Directions:
The finished copy should hold every entry exactly as given, and no pictures.
**** Data for analysis
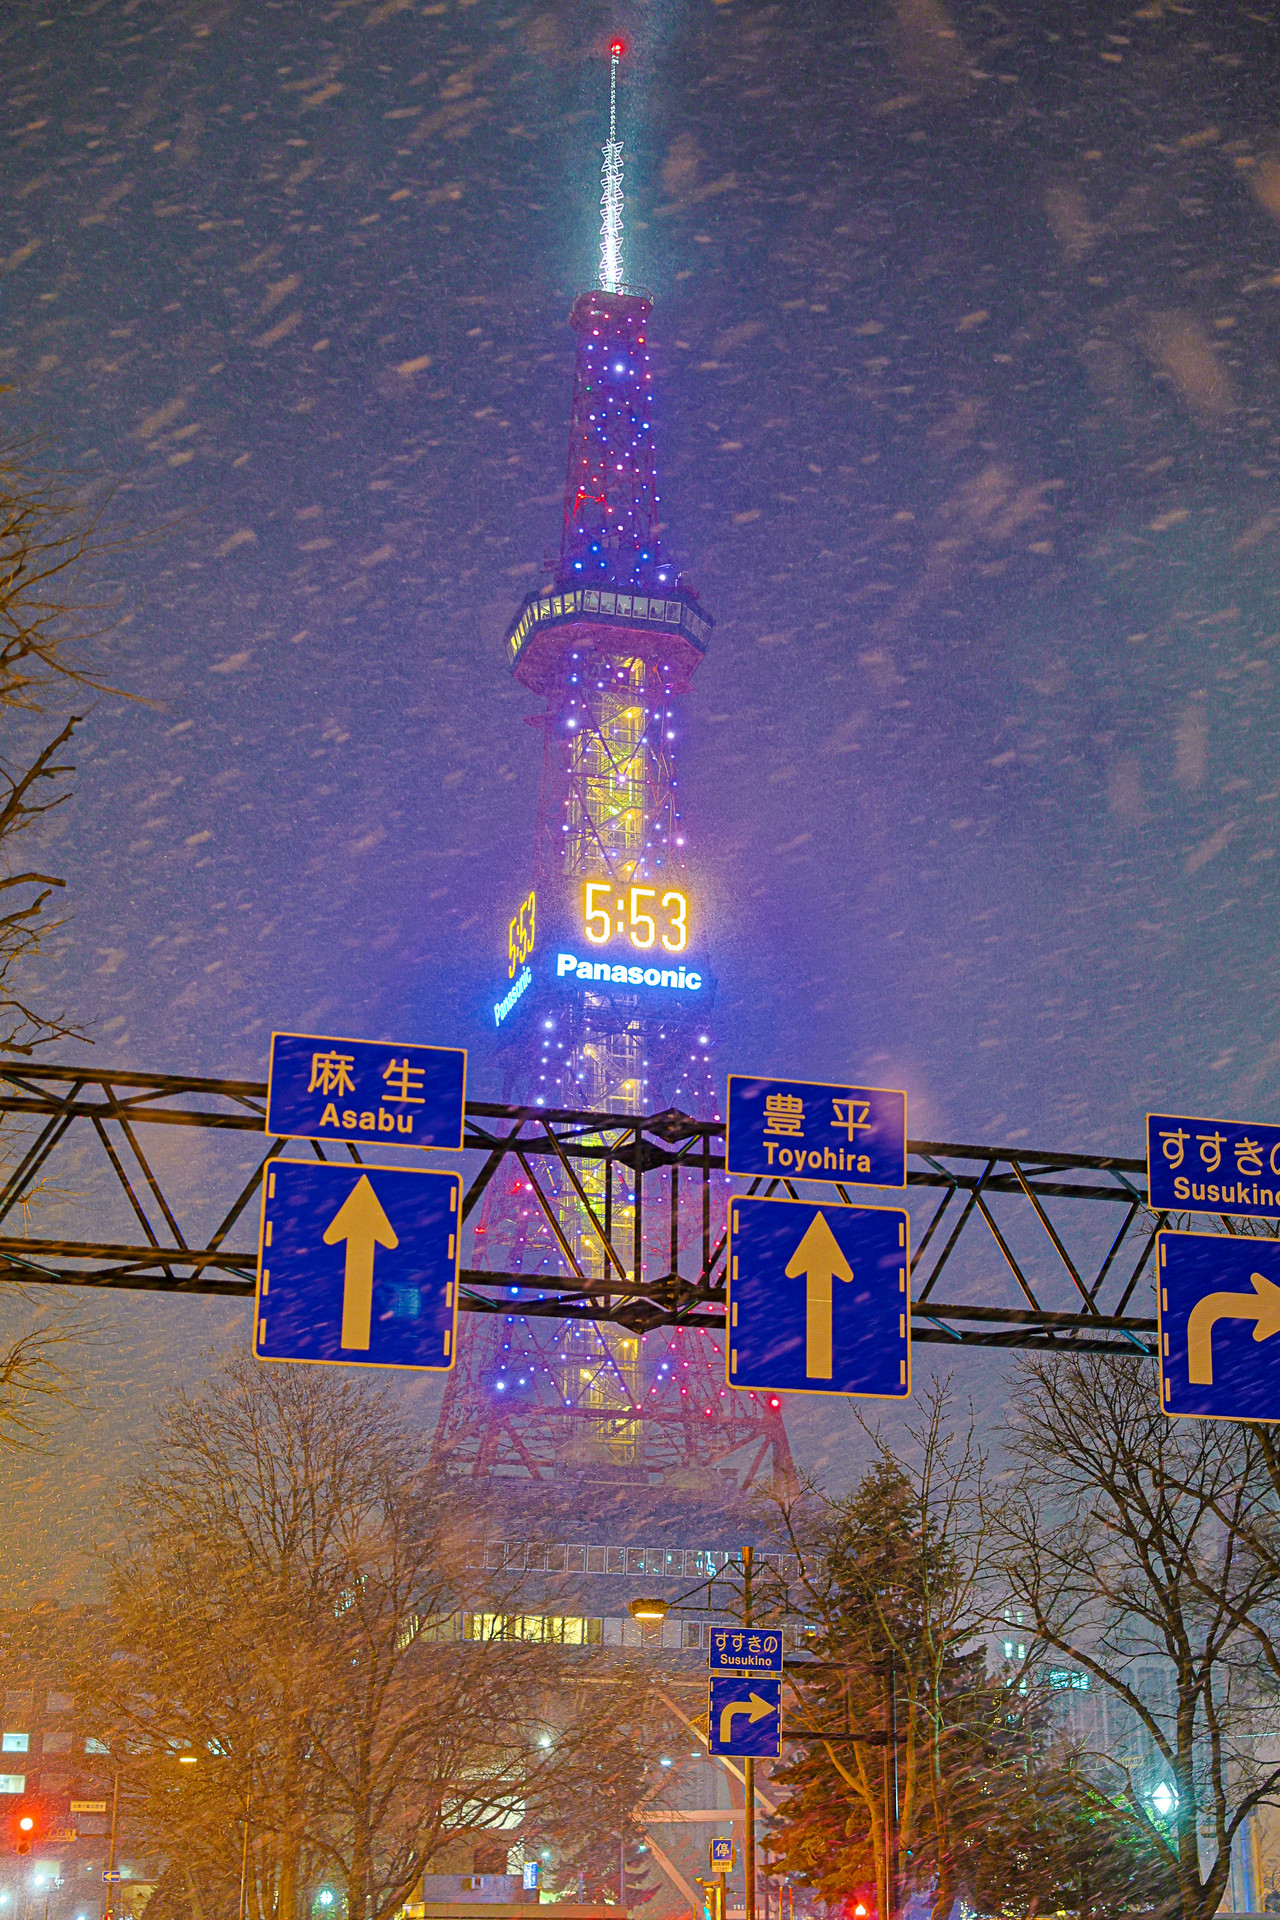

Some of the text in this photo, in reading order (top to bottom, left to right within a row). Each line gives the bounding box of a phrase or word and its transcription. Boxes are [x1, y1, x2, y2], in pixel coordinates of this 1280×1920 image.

[508, 891, 535, 979] 5:53
[584, 881, 688, 953] 5:53
[556, 953, 702, 990] Panasonic
[493, 965, 532, 1027] Panasonic
[307, 1050, 426, 1104] 麻生
[319, 1103, 413, 1133] Asabu
[763, 1093, 872, 1142] 豊平
[763, 1141, 871, 1173] Toyohira
[714, 1632, 778, 1653] すすきの
[720, 1653, 772, 1667] Susukino
[715, 1843, 730, 1857] 停
********
Solution for this exercise:
Some of the text in this photo, in reading order (top to bottom, left to right within a row). Each line gives the bounding box of a phrase or word and its transcription. Boxes are [x1, y1, x2, y2], in pixel coordinates of this 1280×1920 image.

[508, 891, 535, 979] 5:53
[584, 881, 688, 953] 5:53
[556, 953, 702, 990] Panasonic
[493, 965, 532, 1027] Panasonic
[307, 1050, 426, 1104] 麻生
[319, 1103, 413, 1133] Asabu
[763, 1093, 872, 1142] 豊平
[763, 1141, 871, 1173] Toyohira
[714, 1632, 778, 1653] すすきの
[720, 1653, 772, 1667] Susukino
[715, 1843, 730, 1857] 停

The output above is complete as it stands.